------ WORKING DATA ------

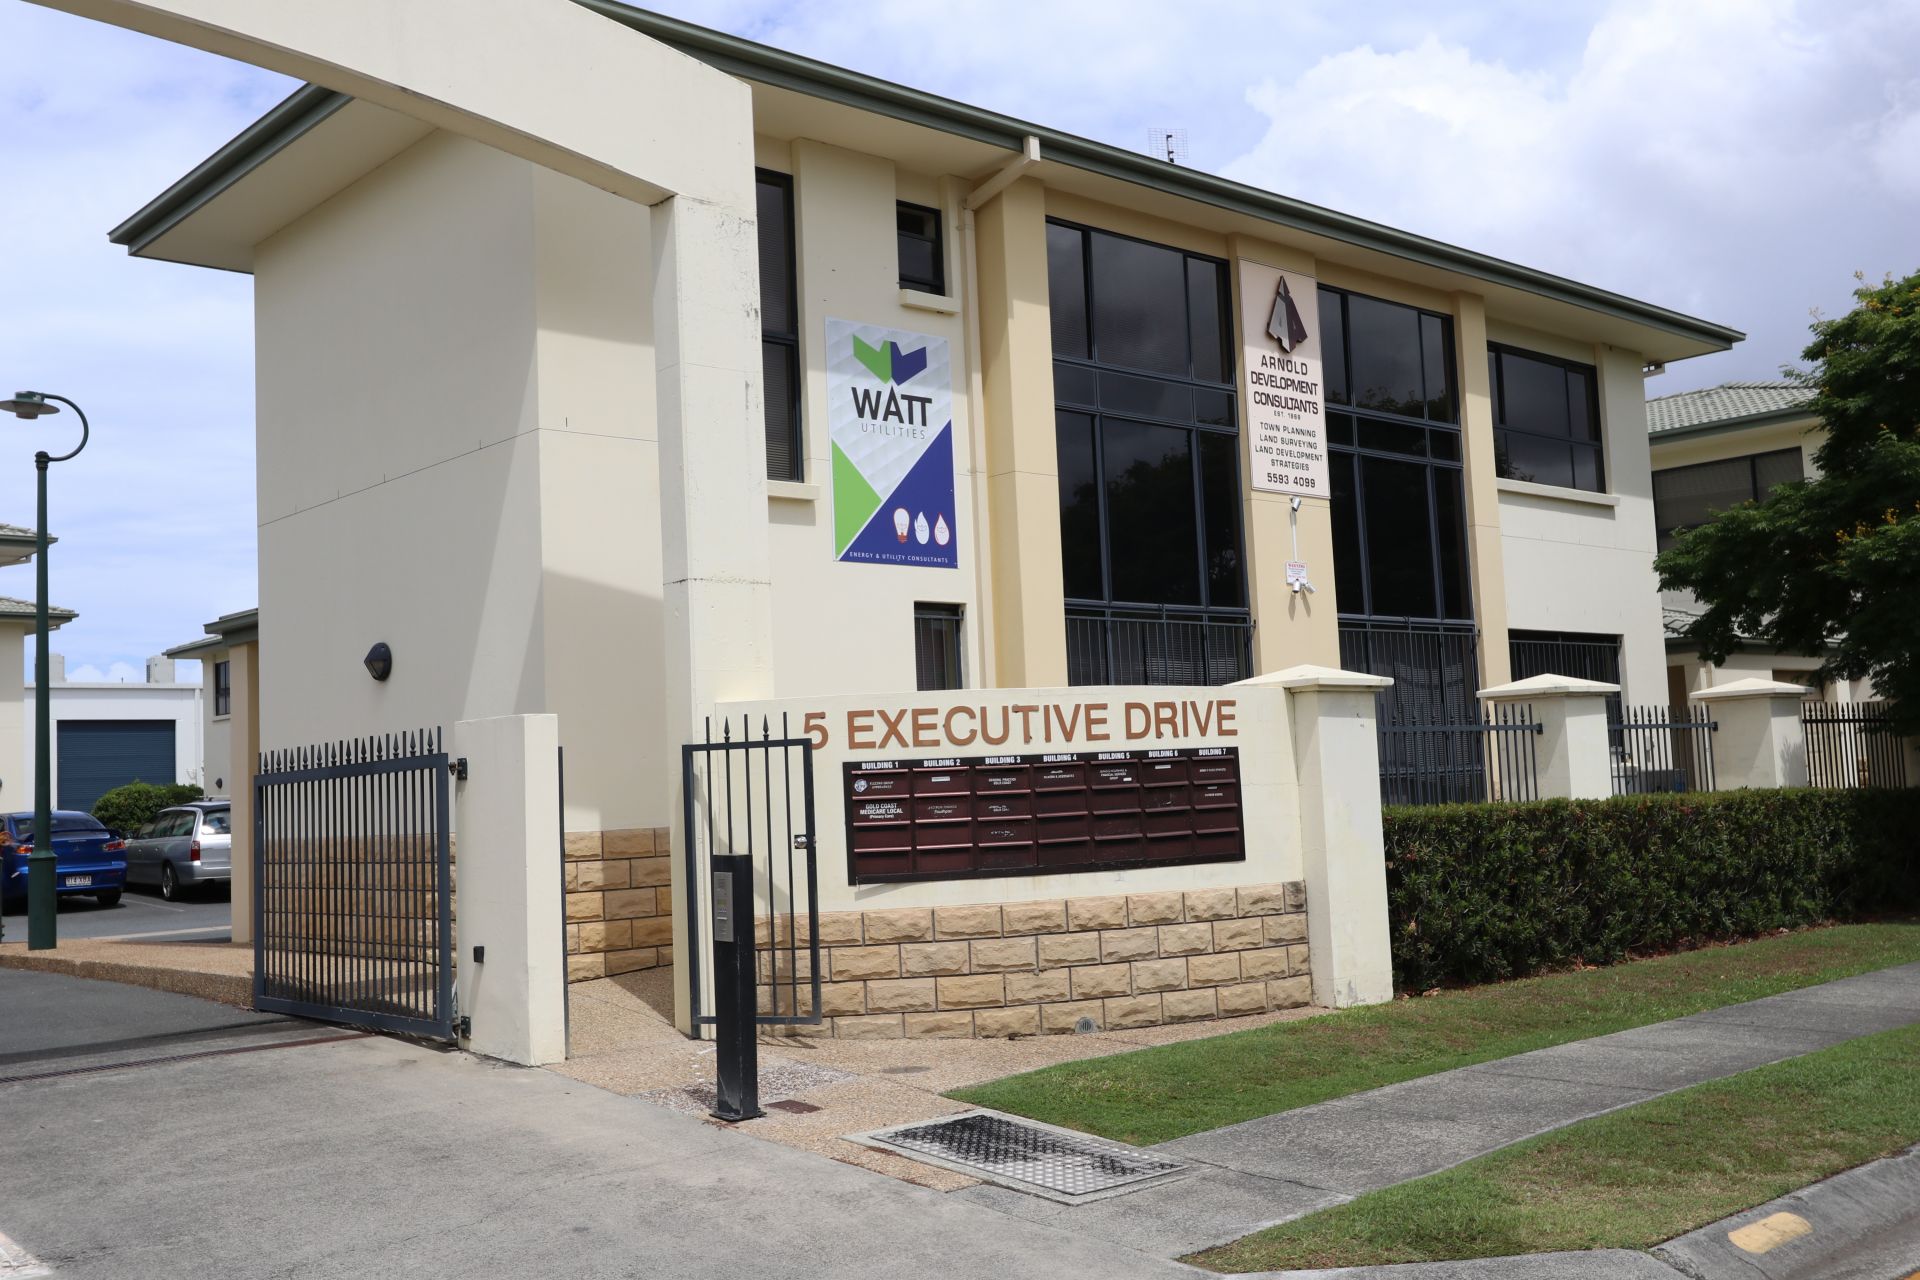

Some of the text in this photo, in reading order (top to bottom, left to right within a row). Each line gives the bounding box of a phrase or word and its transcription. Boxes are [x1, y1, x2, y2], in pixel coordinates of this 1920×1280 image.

[1261, 354, 1308, 376] ARNOLD
[1251, 371, 1318, 396] DEVELOPMENT
[851, 385, 932, 427] WATT
[1253, 391, 1319, 415] CONSULTANTS
[861, 423, 926, 440] UTILITIES
[1260, 422, 1316, 438] TOWN PLANNING
[1260, 433, 1318, 450] LAND SURVEYING
[1255, 445, 1323, 462] LAND DEVELOPMENT
[1270, 458, 1310, 471] STRATEGIES
[1267, 472, 1316, 488] 5593 4099
[907, 555, 948, 563] CONSULTANTS
[803, 699, 1238, 751] 5 EXECUTIVE DRIVE
[985, 756, 1015, 764] BUILDING
[1043, 753, 1077, 762] BUILDING 4
[1098, 752, 1125, 760] BUILDING
[1148, 749, 1178, 758] BUILDING 6
[1198, 748, 1222, 756] BUILDING
[861, 761, 893, 769] BUILDING
[924, 759, 955, 767] BUILDING
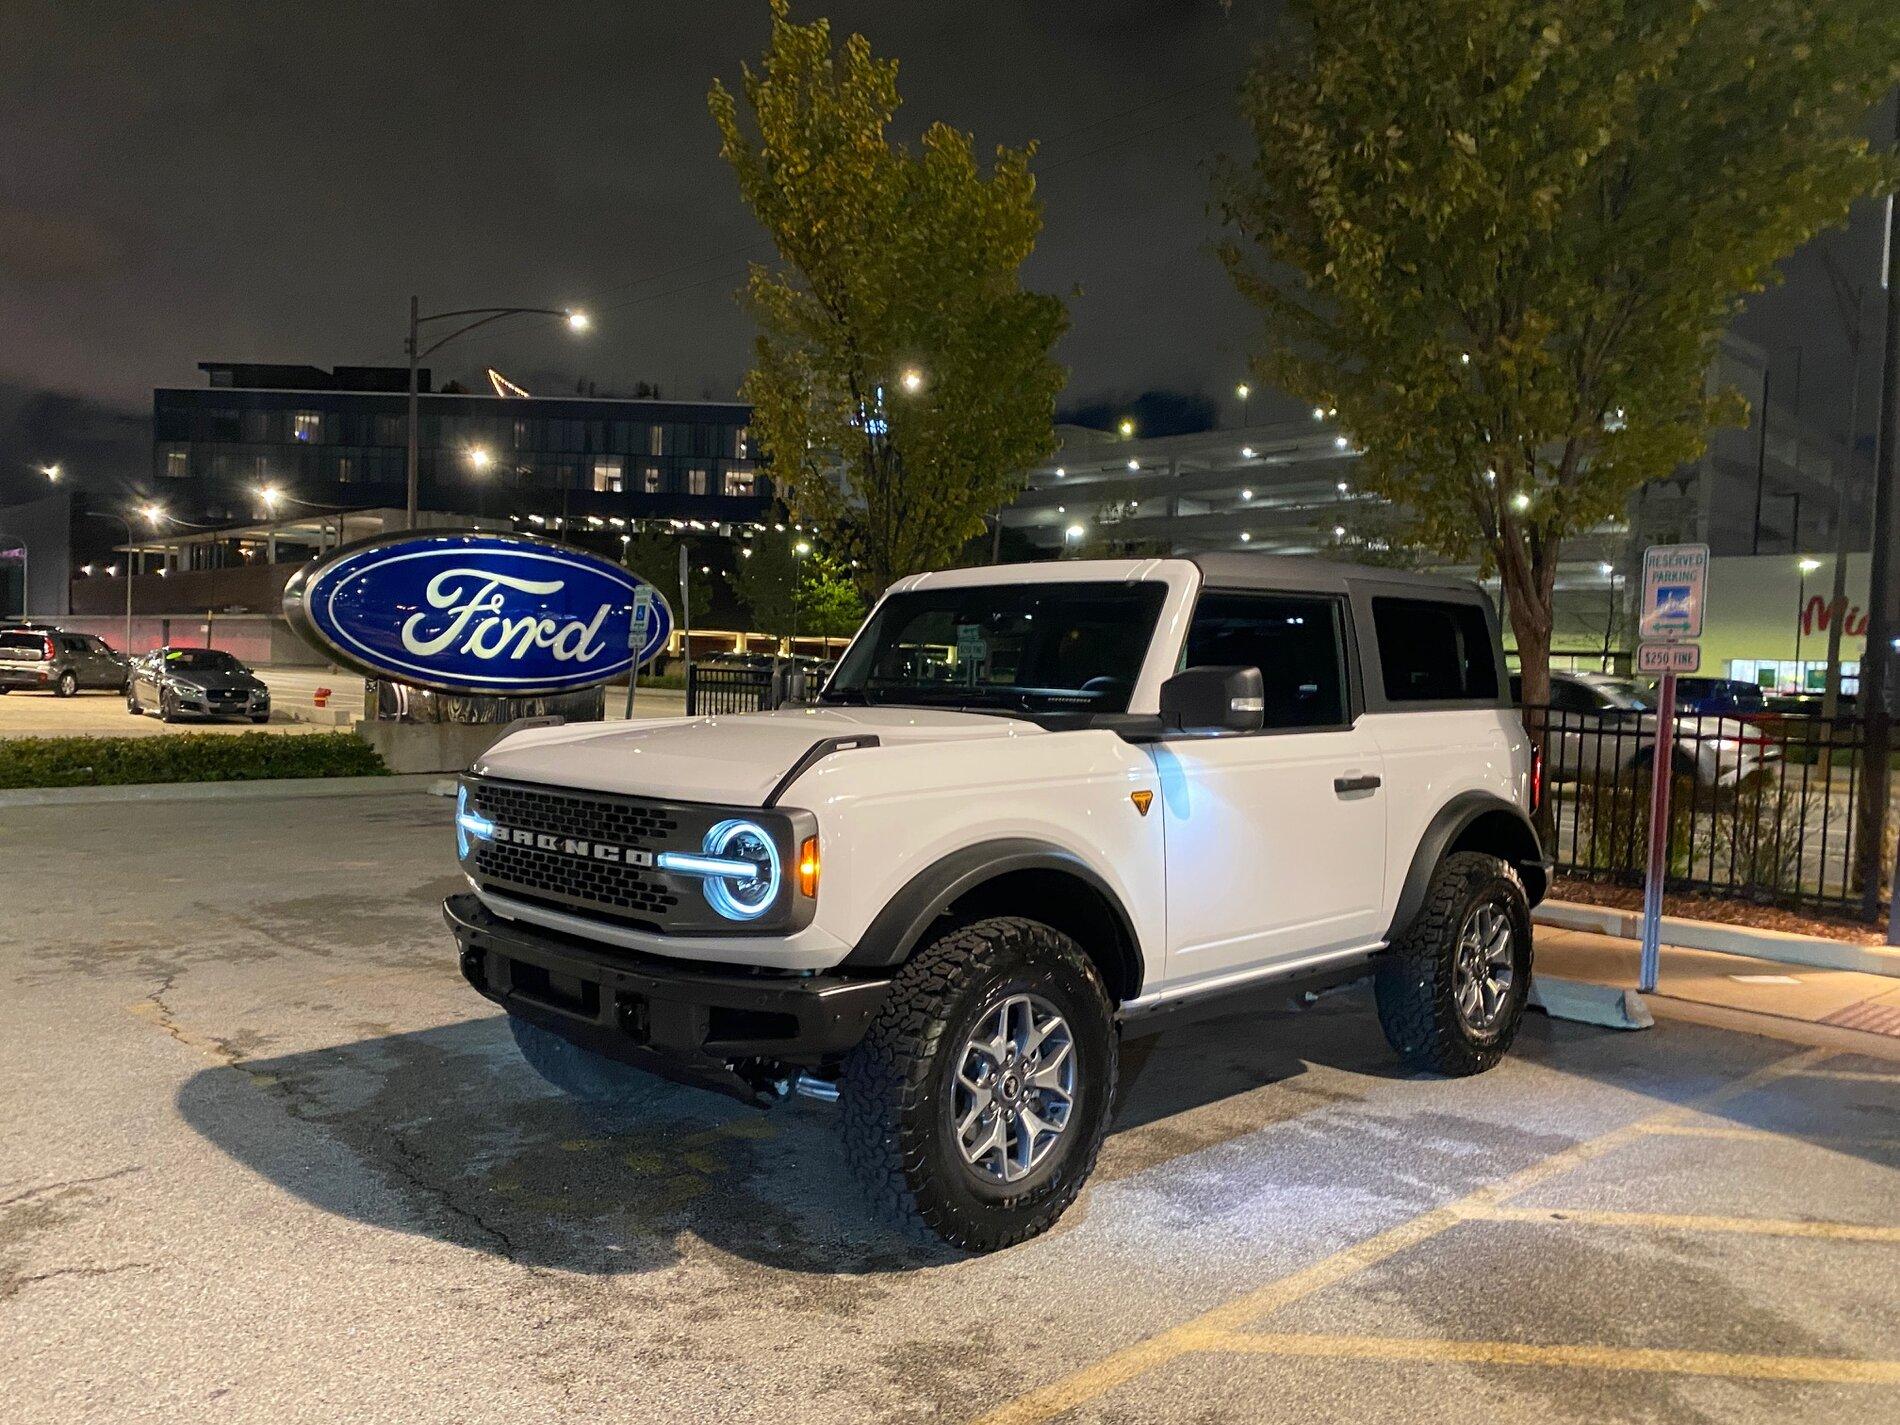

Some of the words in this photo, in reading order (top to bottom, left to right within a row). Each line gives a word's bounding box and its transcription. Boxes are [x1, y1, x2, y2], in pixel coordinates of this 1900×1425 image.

[1648, 553, 1703, 568] RESERVED
[1652, 570, 1696, 584] PARKING
[402, 568, 612, 662] Ford
[1645, 651, 1669, 666] $250
[1674, 651, 1693, 665] FINE
[491, 826, 653, 867] BRONCO

------

* PROBLEM: After finding the line that contains "Some of the words" in the records above, copy that line and each one after it exactly, through the final line.

* ANSWER TO THIS PROBLEM:
Some of the words in this photo, in reading order (top to bottom, left to right within a row). Each line gives a word's bounding box and its transcription. Boxes are [x1, y1, x2, y2], in pixel coordinates of this 1900×1425 image.

[1648, 553, 1703, 568] RESERVED
[1652, 570, 1696, 584] PARKING
[402, 568, 612, 662] Ford
[1645, 651, 1669, 666] $250
[1674, 651, 1693, 665] FINE
[491, 826, 653, 867] BRONCO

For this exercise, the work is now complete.